Après une bonne heure qui m’a paru bien plus longue le train de Marcus est enfin arrivé. Il avait l’air blindé, ce qui n’était pas étonnant : la veille de la rentrée, la majorité des internes arrivaient ce jour-là pour ne pas avoir à se lever aux aurores le lundi matin.

Le train s’est vidé petit à petit. Et puis je l’ai vu : une grosse tête avec une casquette à l’envers, suivie d’une longue parka.

Bien sûr que c’était Marcus. Qui d’autre ?

Marcus, c’était le mec avec du style. Il avait toujours les dernières paires, le dernier téléphone, et il gérait pas mal niveau meufs. Est-ce que c’était à cause de son style ? Oui, sûrement. Mais pas que. Il savait y faire. Il avait le truc. Et il était beau gosse, faut le dire. Et je dis pas ça juste parce que c’était mon pote.

Il s’approchait de moi, les yeux toujours rivés sur son téléphone. Une fois arrivé, sans même relever la tête, il m’a balancé :

Wesh mec, ça dit quoi ?

en me checkant.

Je me souviens plus exactement de ce qu’on s’était dit, mais ça devait être un truc du genre :

— “On est là, et toi ?”

Et Marcus qui me répond, un peu blasé :

— “J’ai le seum que ce soit déjà la rentrée, en vrai… J’espère qu’il y aura de la meuf cette année.”

Ça m’avait fait rire.

Faut dire que Marcus m’avait grave aidé l’année d’avant, surtout à prendre confiance en moi surtout avec les filles. À la base, j’étais super timide. Mais Marcus, lui, il savait comment s’y prendre. Il avait réussi à réveiller le charo en moi, si je peux dire ça comme ça.

Même si, pour être honnête, ça ne m’intéressait pas tant que ça à l’époque. C’était pas une vraie envie d’aimer ou de construire un truc. C’était plus le jeu qui m’amusait. Séduire, rigoler, m’entraîner un peu à parler avec quelques filles, voir si ça prenait ou pas. Je cherchais pas l’amour. Loin de là. Je me souviens qu’après nos brèves retrouvailles, on avait pris la route direction l’internat. Il était à quinze minutes à pied de la gare, pas très loin, mais assez pour faire galérer. Marcus, lui, avait une valise à roulettes, donc il était tranquille. Moi, j’avais un gros sac de sport qui m’arrachait l’épaule. Et puis, y avait cette montée, cette putain de montée juste avant le lycée.
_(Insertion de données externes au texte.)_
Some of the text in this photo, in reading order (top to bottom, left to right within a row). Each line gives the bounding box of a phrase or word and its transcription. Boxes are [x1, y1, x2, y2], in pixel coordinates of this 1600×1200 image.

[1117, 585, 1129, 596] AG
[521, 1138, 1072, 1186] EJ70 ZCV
Je sais pas si tu t’en rappelles, mais elle était interminable, surtout quand tu te traînes des sacs lourds comme un déménagement.

Sur le trajet, j’ai remarqué un truc : Marcus était plus sur son téléphone que d’habitude. Et je savais qu’à ce moment-là, il avait pas de meuf. Enfin… pas de meuf officielle. Et surtout, pas de meuf capable de capter autant son attention.

Alors je lui avais lâché un :

— “Wsh, mais tu parles à qui comme ça, toi ?”

Marcus avait souri sans trop relever la tête et m’avait répondu :

— “C’est une nouvelle, là, qui est au lycée.”

Et là, j’avoue que j’avais été choqué. Le mec avait déjà géré une nouvelle avant même la rentrée. Franchement, faut saluer la performance. Mais ce qui m’intriguait, c’était pas qu’il ait réussi à parler à une meuf c’était Marcus, c’était pas nouveau. Ce qui me faisait tiquer, c’était à quel point elle le captivait.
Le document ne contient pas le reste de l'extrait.